Work to be completed ▸
One line in the listing below contains "this 1918×1004 image.". Repeat that line and each line after it exactly, ending with the last one.

------------------------------------------------------------------------

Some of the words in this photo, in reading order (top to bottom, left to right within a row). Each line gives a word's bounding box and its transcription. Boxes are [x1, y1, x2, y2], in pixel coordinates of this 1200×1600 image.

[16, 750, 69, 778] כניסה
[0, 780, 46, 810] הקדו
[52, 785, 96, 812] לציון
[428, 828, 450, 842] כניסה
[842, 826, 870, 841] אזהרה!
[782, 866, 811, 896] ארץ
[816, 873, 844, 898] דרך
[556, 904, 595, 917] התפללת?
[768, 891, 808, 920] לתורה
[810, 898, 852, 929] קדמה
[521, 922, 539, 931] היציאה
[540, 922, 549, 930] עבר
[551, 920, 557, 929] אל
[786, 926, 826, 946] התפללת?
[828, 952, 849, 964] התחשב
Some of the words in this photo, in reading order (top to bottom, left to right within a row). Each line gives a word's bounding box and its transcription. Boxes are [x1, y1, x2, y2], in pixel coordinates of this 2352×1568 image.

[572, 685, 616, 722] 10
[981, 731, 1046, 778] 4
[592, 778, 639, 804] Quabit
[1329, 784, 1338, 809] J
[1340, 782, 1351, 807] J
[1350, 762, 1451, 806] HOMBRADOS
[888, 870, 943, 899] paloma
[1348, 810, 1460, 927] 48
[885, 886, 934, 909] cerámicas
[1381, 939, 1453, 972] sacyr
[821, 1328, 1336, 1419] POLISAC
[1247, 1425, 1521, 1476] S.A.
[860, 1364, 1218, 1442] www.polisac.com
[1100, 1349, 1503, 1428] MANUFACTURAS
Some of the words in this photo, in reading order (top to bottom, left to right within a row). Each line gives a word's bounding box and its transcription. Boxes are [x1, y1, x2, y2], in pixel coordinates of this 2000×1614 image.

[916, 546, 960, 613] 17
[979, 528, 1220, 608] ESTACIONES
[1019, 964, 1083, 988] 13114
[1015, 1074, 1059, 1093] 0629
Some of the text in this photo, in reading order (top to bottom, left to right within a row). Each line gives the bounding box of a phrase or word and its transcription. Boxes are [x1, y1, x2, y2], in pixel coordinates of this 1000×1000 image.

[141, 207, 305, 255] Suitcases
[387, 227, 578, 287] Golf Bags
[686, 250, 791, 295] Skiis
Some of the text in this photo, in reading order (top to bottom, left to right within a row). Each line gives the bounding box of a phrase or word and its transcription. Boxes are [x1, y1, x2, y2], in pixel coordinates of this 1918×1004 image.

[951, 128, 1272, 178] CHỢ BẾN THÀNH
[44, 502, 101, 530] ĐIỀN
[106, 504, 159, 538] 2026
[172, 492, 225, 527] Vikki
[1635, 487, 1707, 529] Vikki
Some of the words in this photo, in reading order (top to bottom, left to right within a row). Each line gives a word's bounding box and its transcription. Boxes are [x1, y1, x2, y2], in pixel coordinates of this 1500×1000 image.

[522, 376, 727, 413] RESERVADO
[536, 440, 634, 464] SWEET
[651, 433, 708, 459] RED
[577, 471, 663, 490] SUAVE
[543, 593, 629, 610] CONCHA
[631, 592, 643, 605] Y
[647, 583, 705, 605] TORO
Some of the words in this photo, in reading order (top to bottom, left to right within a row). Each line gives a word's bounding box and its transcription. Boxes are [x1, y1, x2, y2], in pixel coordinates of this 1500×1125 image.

------------------------------------------------------------------------

Exercise result ▸
Some of the text in this photo, in reading order (top to bottom, left to right within a row). Each line gives the bounding box of a phrase or word and its transcription. Boxes are [x1, y1, x2, y2], in pixel coordinates of this 1918×1004 image.

[951, 128, 1272, 178] CHỢ BẾN THÀNH
[44, 502, 101, 530] ĐIỀN
[106, 504, 159, 538] 2026
[172, 492, 225, 527] Vikki
[1635, 487, 1707, 529] Vikki
Some of the words in this photo, in reading order (top to bottom, left to right within a row). Each line gives a word's bounding box and its transcription. Boxes are [x1, y1, x2, y2], in pixel coordinates of this 1500×1000 image.

[522, 376, 727, 413] RESERVADO
[536, 440, 634, 464] SWEET
[651, 433, 708, 459] RED
[577, 471, 663, 490] SUAVE
[543, 593, 629, 610] CONCHA
[631, 592, 643, 605] Y
[647, 583, 705, 605] TORO
Some of the words in this photo, in reading order (top to bottom, left to right within a row). Each line gives a word's bounding box and its transcription. Boxes are [x1, y1, x2, y2], in pixel coordinates of this 1500×1125 image.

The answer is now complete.